Why Most MVPs Fail Before They Even Launch
Habib Qureshi
MVP Developer
8 min read
Apr 30, 2026

Building features nobody asked for
The founder had an idea. They turned it into a spec. They built the spec. Nobody involved a real potential customer until the launch post. The feedback they got after: "interesting, but I need X." They'd built everything except X.
Most founders come to me with a detailed spec document, a Figma file with 47 screens, and a six-month roadmap. They want to build all of it. They think the problem is execution. It almost never is. The problem is scope. Here's what I've learned from watching nearly identical products succeed and fail based almost entirely on what the team decided not to build.
THE CORE MISTAKES — BUILDING A PRODUCT, NOT A HYPOTHESIS
An MVP is not a small version of your product. It is a question. The moment you start treating it like a product — worrying about edge cases, scaling, polish, and feature parity with competitors — you've already failed the MVP exercise. The question your MVP needs to answer is brutally simple: will someone pay for this? Not "will someone use this if it's free?" Not "will someone say they'd buy it in a survey?" Will a real person hand over real money.
Every feature you build that doesn't directly answer that question is waste. Beautiful waste, sometimes.
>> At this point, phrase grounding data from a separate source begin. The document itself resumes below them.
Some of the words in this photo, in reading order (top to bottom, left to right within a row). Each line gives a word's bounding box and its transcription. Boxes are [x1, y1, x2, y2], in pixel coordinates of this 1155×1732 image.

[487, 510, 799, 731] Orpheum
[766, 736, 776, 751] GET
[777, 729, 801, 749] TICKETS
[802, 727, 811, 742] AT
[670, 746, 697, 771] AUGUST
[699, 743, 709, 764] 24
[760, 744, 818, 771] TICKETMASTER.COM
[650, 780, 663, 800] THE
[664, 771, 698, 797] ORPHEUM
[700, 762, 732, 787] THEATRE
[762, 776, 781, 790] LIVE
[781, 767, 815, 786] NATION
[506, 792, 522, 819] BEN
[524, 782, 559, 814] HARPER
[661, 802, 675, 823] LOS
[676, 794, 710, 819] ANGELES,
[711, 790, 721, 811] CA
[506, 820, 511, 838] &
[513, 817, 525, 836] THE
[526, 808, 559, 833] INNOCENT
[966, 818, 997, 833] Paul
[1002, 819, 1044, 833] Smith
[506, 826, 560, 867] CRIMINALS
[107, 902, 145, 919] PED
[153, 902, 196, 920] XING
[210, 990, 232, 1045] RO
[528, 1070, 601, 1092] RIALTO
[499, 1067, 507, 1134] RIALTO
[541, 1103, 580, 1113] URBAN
Impressive waste. But waste.
I watched a founder spend four months building a gorgeous multi-tenant SaaS with custom onboarding flows, role-based access control, a white-label option, and an API. They had zero paying customers. When I asked what problem it solved, they showed me a 40-page deck. Three months later, a competitor with a Google Form and a Stripe link had 80 paying customers. They built the actual thing six months after that, already profitable.
74%
of startups fail due to premature scaling
4WK
is the maximum time to first paying customer
1
core hypothesis your MVP should test
THE FIVE FAILURE MODES I SEE EVERY TIME
Building features nobody asked for
The founder had an idea. They turned it into a spec. They built the spec. Nobody involved a real potential customer until the launch post. The feedback they got after: "interesting, but I need X." They'd built everything except X.
Optimising for the wrong metric
Sign-ups feel good. So does social media engagement. Daily active users feel great. None of these matter if you can't convert them to revenue. I've seen apps with 50K users and $0 MRR. That's not an MVP — that's a hobby.
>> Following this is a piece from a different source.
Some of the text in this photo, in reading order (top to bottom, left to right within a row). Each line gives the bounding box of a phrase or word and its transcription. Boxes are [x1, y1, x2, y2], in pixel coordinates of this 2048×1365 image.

Waiting until it's "ready"
There is no ready. There is only shipped and not shipped. The products that win are the ones that get in front of real users while the competition is still in planning. Every week you wait is a week of real feedback you don't have.
Solving a problem nobody has urgently
People need painkillers, not vitamins. If your product solves something that's mildly inconvenient rather than genuinely painful, nobody will switch behaviour to use it. Urgency drives the first payment.
Building for scale before proving demand
The classic: spending three months on infrastructure that could handle 10 million users before you have 10 paying ones. Build for the next 100 customers, not the next 100,000. Under-engineering is the right engineering for day one.
The products that win aren't the ones with the best code. They're the ones that got in front of real users first and iterated relentlessly on what they found.
— Something I tell every founder in week one
THE UNCOMFORTABLE TRUTH
Most MVPs fail because founders are building to impress, not to validate. They want to show investors, ex-colleagues, Twitter followers, and their families something that looks finished and impressive. The irony is that the scrappiest, most brutally scoped MVPs are the ones that actually get traction. Because they were built to answer a question, not win a design award. The product you're embarrassed to show people? That's probably the right scope. Ship it. Talk to users. Charge money. Repeat.